- Location: Canada, Quebec, Lanaudière, Matawinie Regional County Municipality
- Nearest town: Saint-Zénon
- Coordinates: 46°28′00″N 73°43′20″W﻿ / ﻿46.46667°N 73.72222°W

= Sept-Chutes Regional Park =

Protected area in Lanaudière, Quebec, Canada

The Sept-Chutes Regional Park (in French: Parc régional des Sept-Chutes) is a regional park located in the municipality of Saint-Zénon, in the Matawinie Regional County Municipality, in administrative region of Lanaudière, in Quebec, in Canada.

== Activities ==
This park is open year-round. The park offers various services, including nature interpretation panels, picnic tables and the sale of snacks and outdoor accessories (crampons, etc.).
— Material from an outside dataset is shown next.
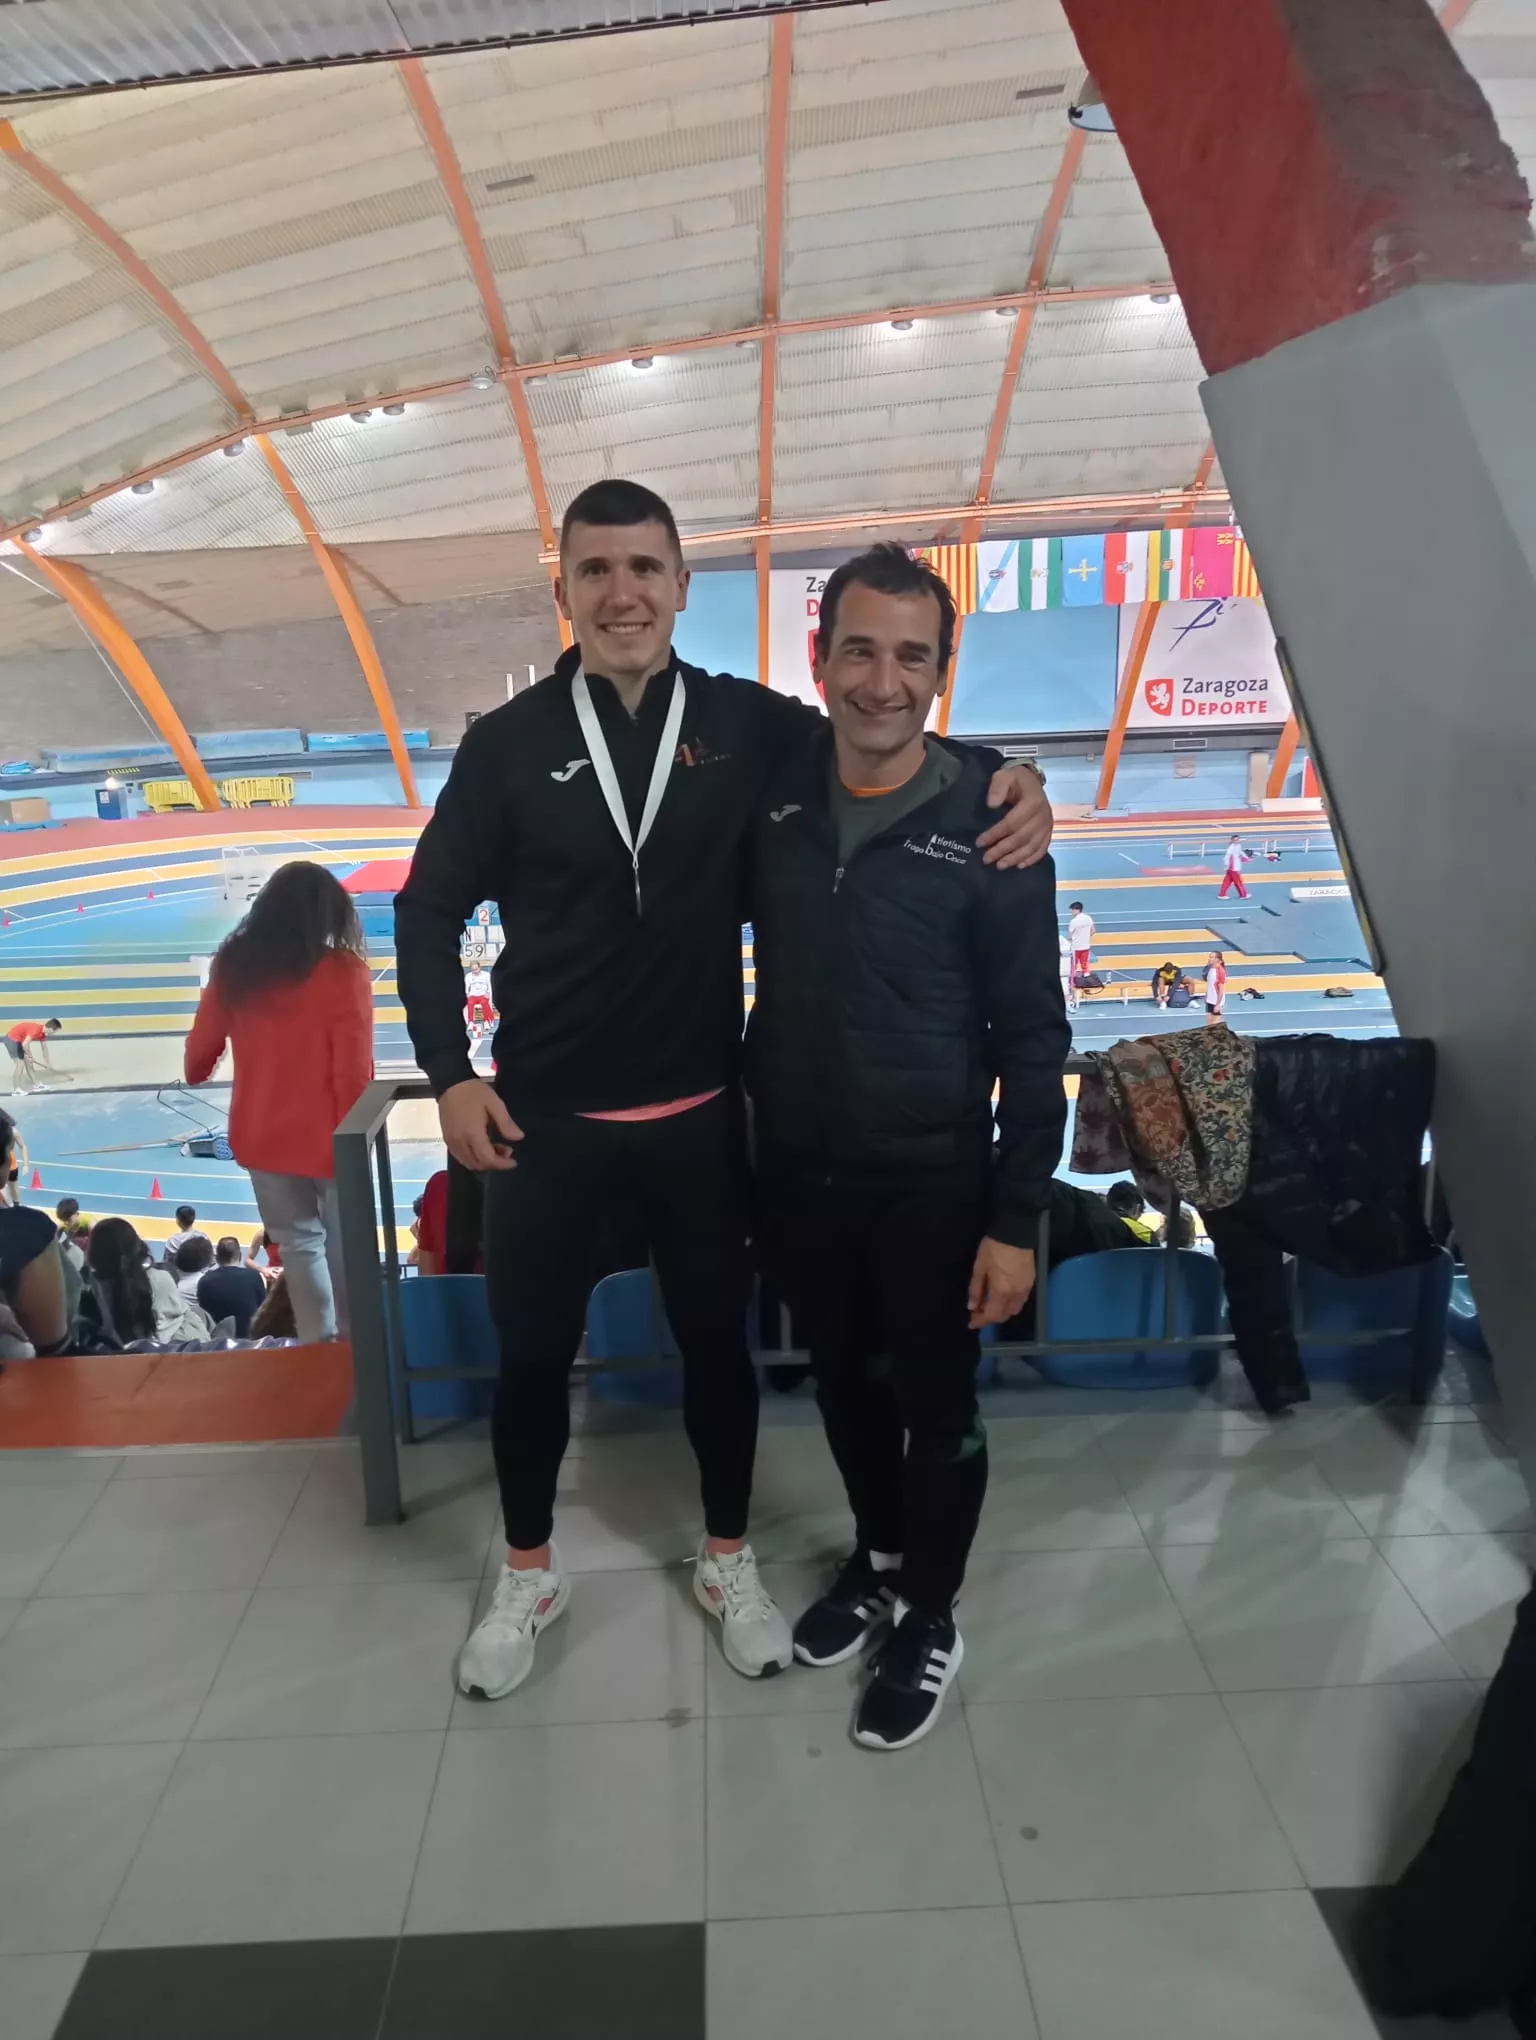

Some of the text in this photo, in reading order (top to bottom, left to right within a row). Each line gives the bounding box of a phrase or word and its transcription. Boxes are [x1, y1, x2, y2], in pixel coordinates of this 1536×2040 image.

The park has six marked trails:
- Le Voile de la mariée trail: 2.0 km for beginners and intermediates;
- Michel Sokolyk trail: 3.8 km for intermediates;
- Mont Barrière trail: 6.7 km for intermediates;
- Lc Rémi trail: 4.9 km for beginners and intermediates;
- Mont Brossard trail: 6.7 km for intermediates;
- Mont Brossard trail (with short cut): 5.2 km for intermediates.
Note: the length indicated turns out to be the total round-trip distance, either from the reception station (place of departure) to the place of arrival (reception station). In winter, snowshoeing is a popular practice.

The trails in this park are characterized by still wild nature. Each trail is marked and includes several nature interpretation panels to inform visitors about the rich flora and fauna of the park and the peculiarities of its panoramas.

The path along the tumultuous Black River passes near the "Veil de la Mariée" waterfall, which is 60 meters (200 feet) high. This same path leads to little Lac Guy. From there, visitors can take the respective trails of Mont Brassard and Barrière.

The Mont Brassard (summit: 655 m) trail offers magnificent panoramas of the high hills of Saint-Zénon, the valley of the Noire River and of Lake Rémi. This trail leads the hiker to the top of a rocky peak overlooking Route 131 and the cliffs of Lac Rémi. At this point, the hiker is 365 meters (1,200 feet) above the elevation of the road and 590 meters (1,935 feet) above sea level! On the course, the hiker meets a pine forest with red pines and a forest of black spruce, called "black spruce".

The Mont Barrière trail involves going through different ecosystems, including a maple grove. Once at the top, the hiker has a superb panorama of the valley of the Black River. At the end of the route on this trail, the hiker must go around Lake Rémi and pass at the foot of a 150-meter (500-foot) cliff.

== Accommodation ==
The park offers five rustic camping sites near Guy and Rémi lakes. New shelters are under construction.

== Toponym ==
This toponym is linked to the series of seven falls on the course of the Noire River. These falls are distributed over a distance of 17.7 km from the course of the river; however, only the last fall is found in the territory of the Sept-Chutes regional park. This seventh fall popularly called "La Voile de la Mariée" (The Veil of the Bride).